To be British and to write a book about Monty Python is like being American and writing a book about, say, Elvis Presley. You’re dealing with widely beloved artists, catalogs of work that fanatics know down to the minute details and a library of critical analysis already written.

“I’m slightly anxious, waiting to see the Amazon reviews,” Adrian Besley, author of “Monty Python’s Flying Circus: Hidden Treasures,” says. “‘Of course, you got something on page 73 slightly wrong! They didn’t say that, they said this!’”

amNewYork caught up with Besley in advance of the book’s release to talk about the Python story and how the troupe’s legacy has survived the passage of time.

You got unique access to the Python archives to put this together. What was the most interesting item you found?There’s a famous censored sketch that hadn’t been broadcast. It’s like wine tasting, but urine. It’s silly, and John Cleese never liked it anyway, and was quite happy when the BBC said they didn’t want it in there. … When I found it, that’s — I don’t want to say the Holy Grail of course —- but if you read any histories about Python that have been written, they mention this sketch, and I know there is a website that has some quotations from it, but it’s never been in the books or anything like this. It was quite a big point in their history, in their relationship with the BBC, and that split with John Cleese. It was quite a crucial moment, and to find it, that was the “that’s it! I’ve got it!” moment.

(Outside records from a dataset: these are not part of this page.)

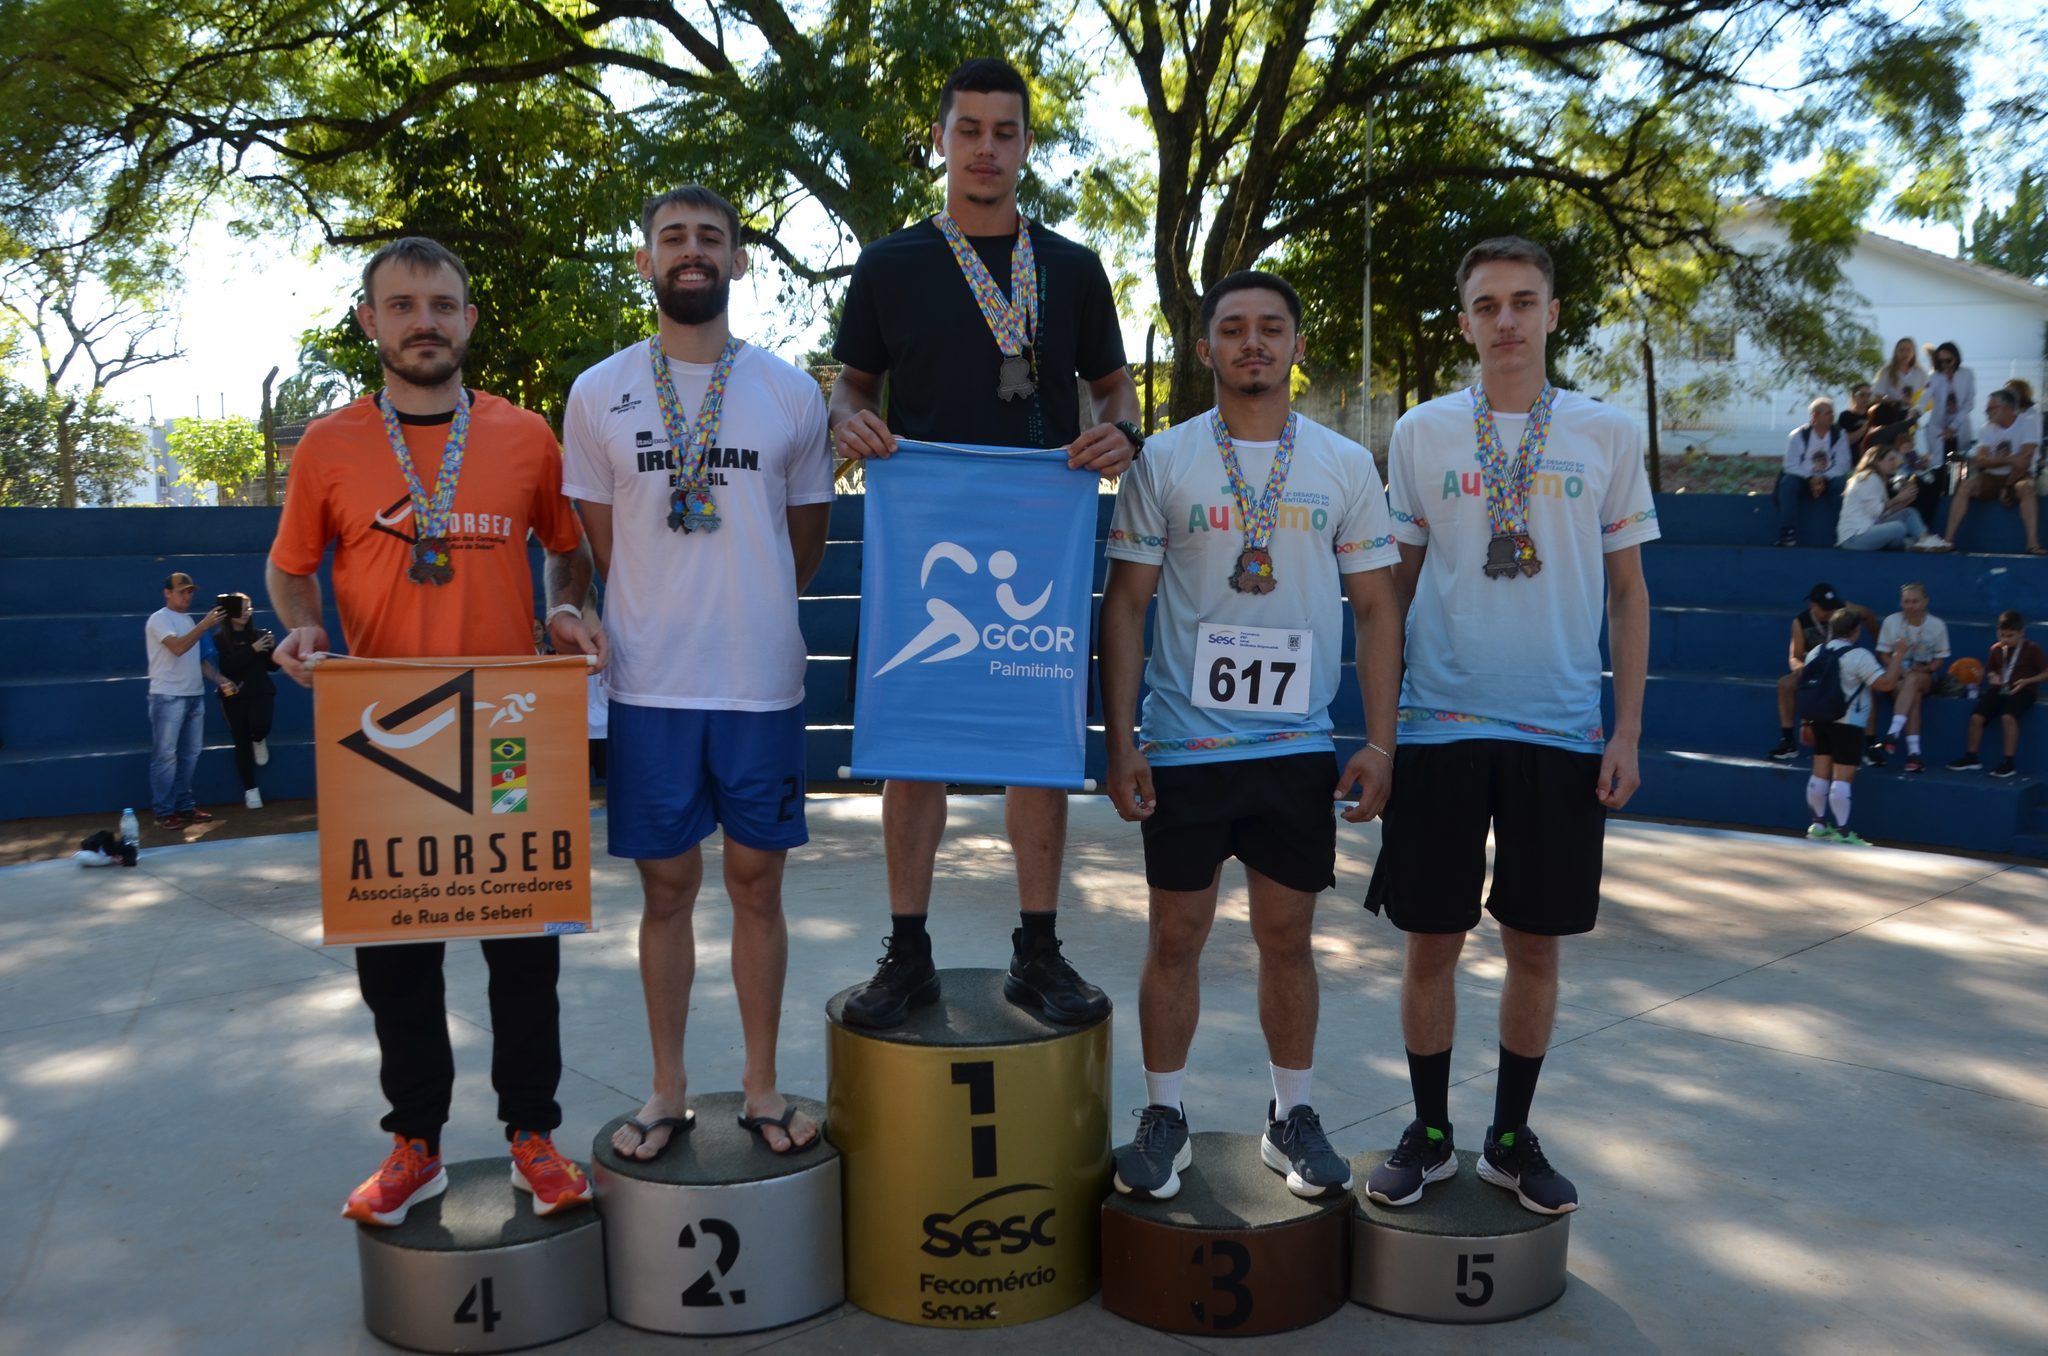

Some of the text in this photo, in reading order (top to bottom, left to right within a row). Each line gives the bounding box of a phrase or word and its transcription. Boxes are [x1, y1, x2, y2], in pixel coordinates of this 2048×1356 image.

[637, 448, 759, 473] IROMAN
[669, 473, 728, 487] BSIL
[1442, 470, 1583, 500] Aumo
[449, 512, 513, 537] ORSEB
[982, 623, 1075, 653] GCOR
[990, 661, 1074, 680] Palmitinho
[1209, 656, 1297, 706] 617
[351, 830, 572, 880] ACORSEB
[348, 877, 573, 903] Associação dos Corredores
[391, 909, 413, 926] de
[418, 908, 449, 924] Rua
[454, 907, 475, 922] de
[951, 1060, 998, 1179] 1
[678, 1217, 747, 1307] 2
[919, 1266, 1057, 1295] Fecomércio
[1190, 1239, 1253, 1330] 3
[1455, 1253, 1495, 1307] 5
[453, 1277, 502, 1334] 4
[920, 1301, 999, 1321] Senac
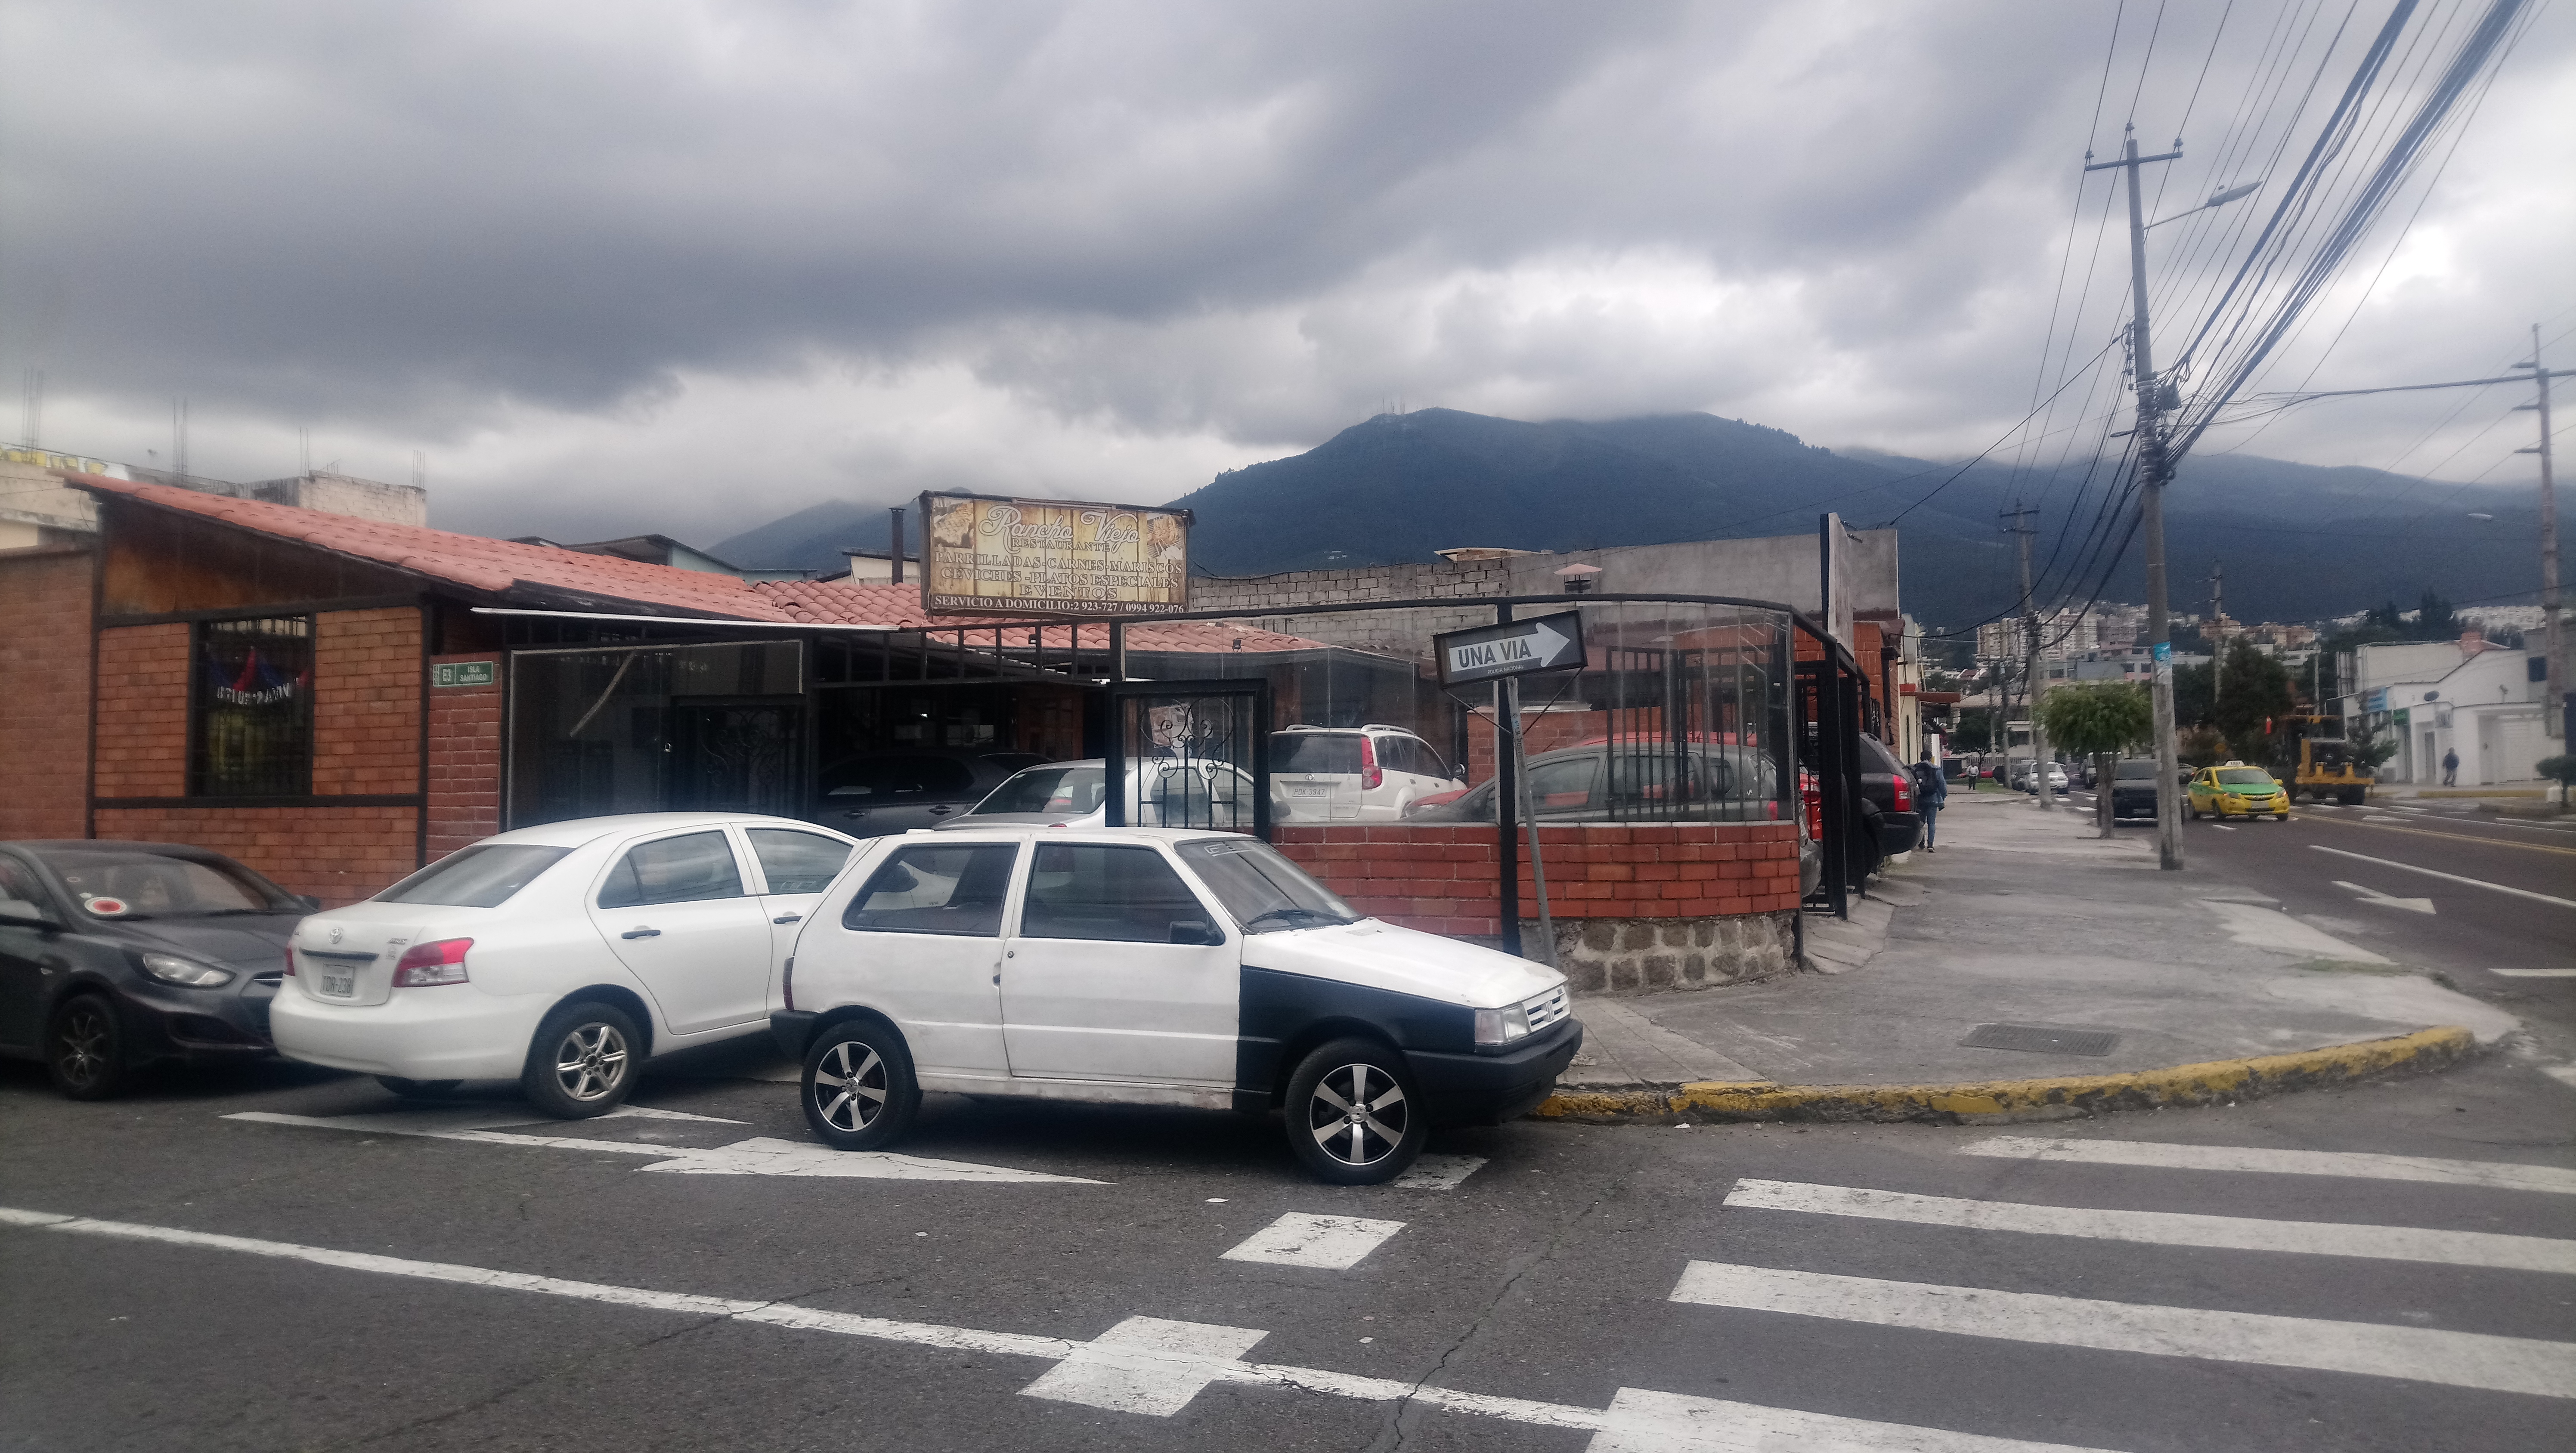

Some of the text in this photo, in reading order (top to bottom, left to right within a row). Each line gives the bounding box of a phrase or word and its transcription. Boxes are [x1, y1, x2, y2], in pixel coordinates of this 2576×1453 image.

[978, 505, 1140, 554] Rancho Viejo
[1012, 538, 1111, 552] RESTAURANTE
[941, 567, 1022, 582] CEVICHES
[1090, 574, 1179, 588] ESPECIALES
[1019, 584, 1118, 599] EVENTOS
[935, 595, 993, 607] SERVICIO
[995, 599, 1003, 608] A
[1082, 602, 1118, 612] 923-727
[1126, 603, 1147, 612] 0994
[1149, 604, 1184, 613] 922-076
[1458, 639, 1532, 668] UNA VIA
[443, 668, 451, 681] E3
[460, 674, 487, 682] SANTIAGO

“Monty Python’s Flying Circus” first aired in 1969. How has the group stayed relevant for this long?I was slightly too young for the first two or three series of “Flying Circus.” My brother, who was a couple of years older than me, had the record. I grew to love them through the record, funny enough. It was only when they repeated the series that I got to see them as they originally were. … Then they came back with the films, and then the live shows. They have these waves of success that always seems to keep them in the public eye. There’s an older generation that will always treasure them for what they meant. I don’t think it’s unfair to say that they were a national treasure.

What part of the Python story intrigues you?The bit I find fascinating [is] the early story. In some of the scripts I found, they hadn’t come up with the “Monty Python’s Flying Circus” title. They were still going on with this football forward line, “Bunn, Wackett, Buzzard, Stubble and Boot.” It was a football forward line from a sketch that John Cleese had written. And some of the sketches I found still have that as the title, instead of “Monty Python’s Flying Circus.” And that story of how things developed, that they didn’t know how this was all going to pan out, they were just a group of young blokes who came together in a strange way … that’s the bit I find fascinating.

 

“Monty Python’s Flying Circus: Hidden Treasures” is now available in bookstores.